Though Monaciello is known to cause mischief — pulling clothes off people, stealing quilts from bedrooms, and harassing housewives — he is largely benevolent.  He's known to appear at night to those in desperate need, take them to a hidden treasure, and give them his valuables — possibly the aforementioned pilfered valuables — asking for nothing in return. 

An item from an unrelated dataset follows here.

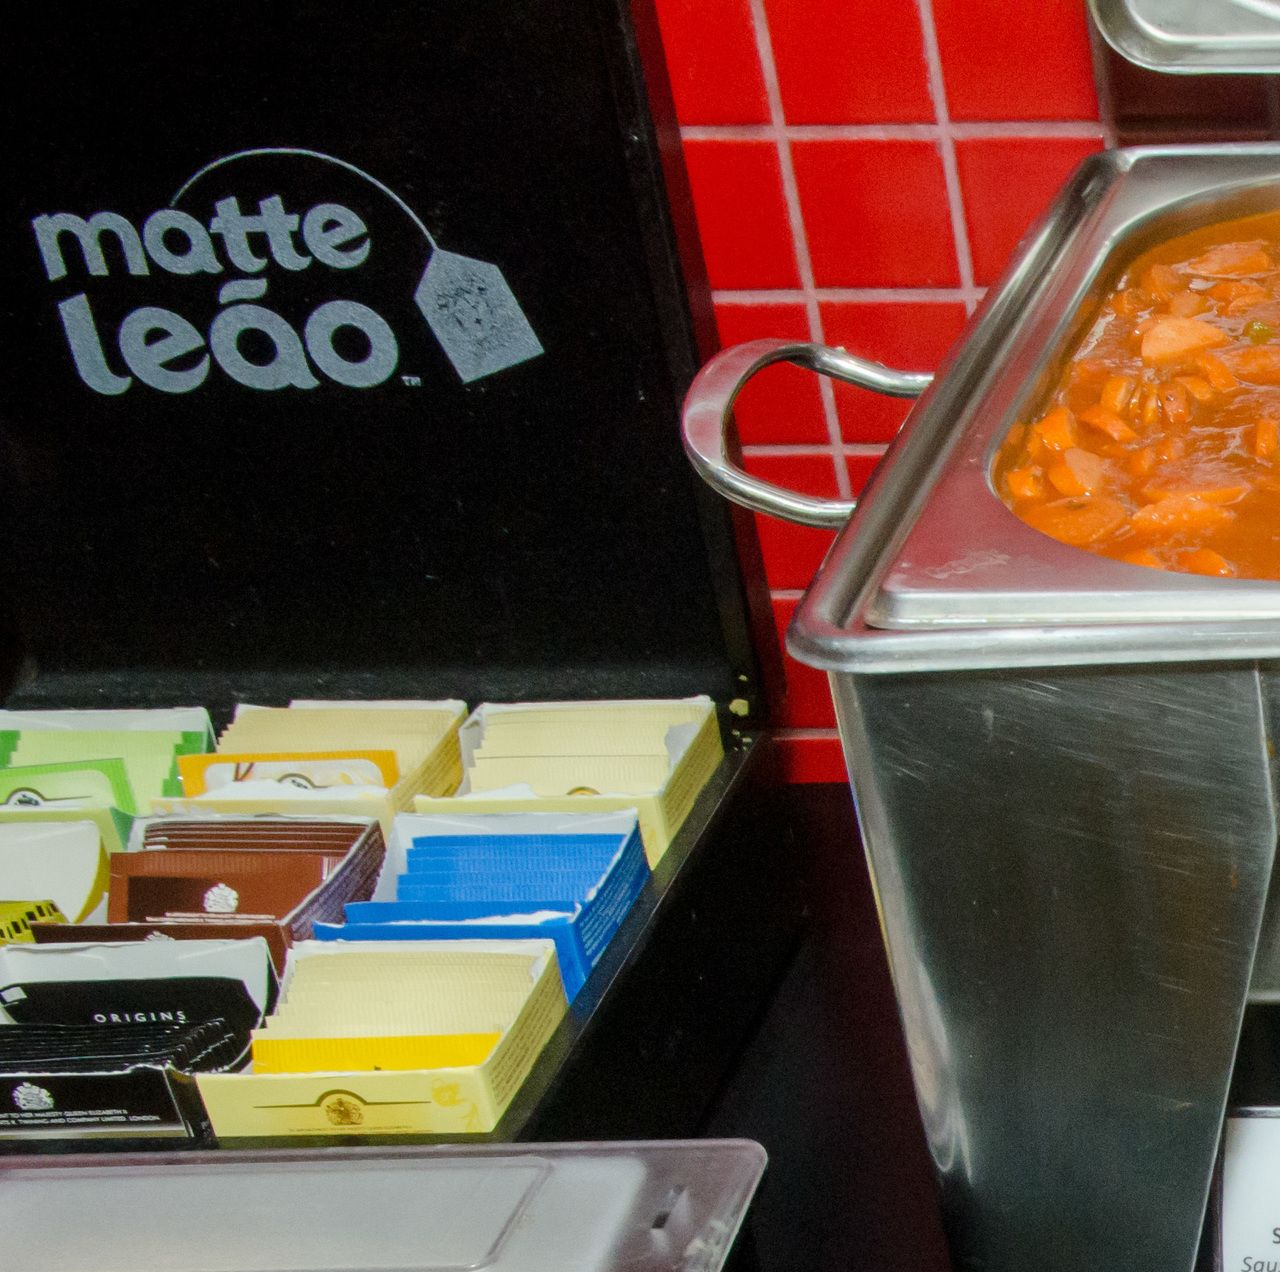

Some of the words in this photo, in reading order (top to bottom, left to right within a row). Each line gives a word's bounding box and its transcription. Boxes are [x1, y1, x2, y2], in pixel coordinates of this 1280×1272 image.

An expression refers to those who've received sudden fortune: "Forse avrà il Monaciello in casa" (perhaps he has had the little Monk in his house).  It is thought one might beseech the apparition with food, hoping it will converted to treasure, but not boasting if treasures do appear, lest they vanish as quickly as they came.

Possible explanation 
The habits of Monaciello resemble those of the water carriers of ancient Naples who worked in the numerous tunnels connecting the city's underground wells.  The water carriers had to be short to pass through the tunnels, which gave them access to most houses, villas and Palazzos — wearing overalls that happen to resemble a monk's garments.

In popular culture
 In the book The King of Mulberry Street by Donna Jo Napoli, the character Dom (Beniamino), as well as his mother and grandmother, mention the Monaciello, saying he is a kind trickster and protector of children.
 In the 2021 film The Hand of God, the Little Monk appears as a young boy as opposed to a short, older man. Within the film he grants characters treasure and a moment of levity through his interaction.

Bibliography

External links 
 The legend of the "Monaciello" in Napoli Sotterranea (Naples Underground).

Culture in Naples
Fairies
Italian legendary creatures
Sprites (folklore)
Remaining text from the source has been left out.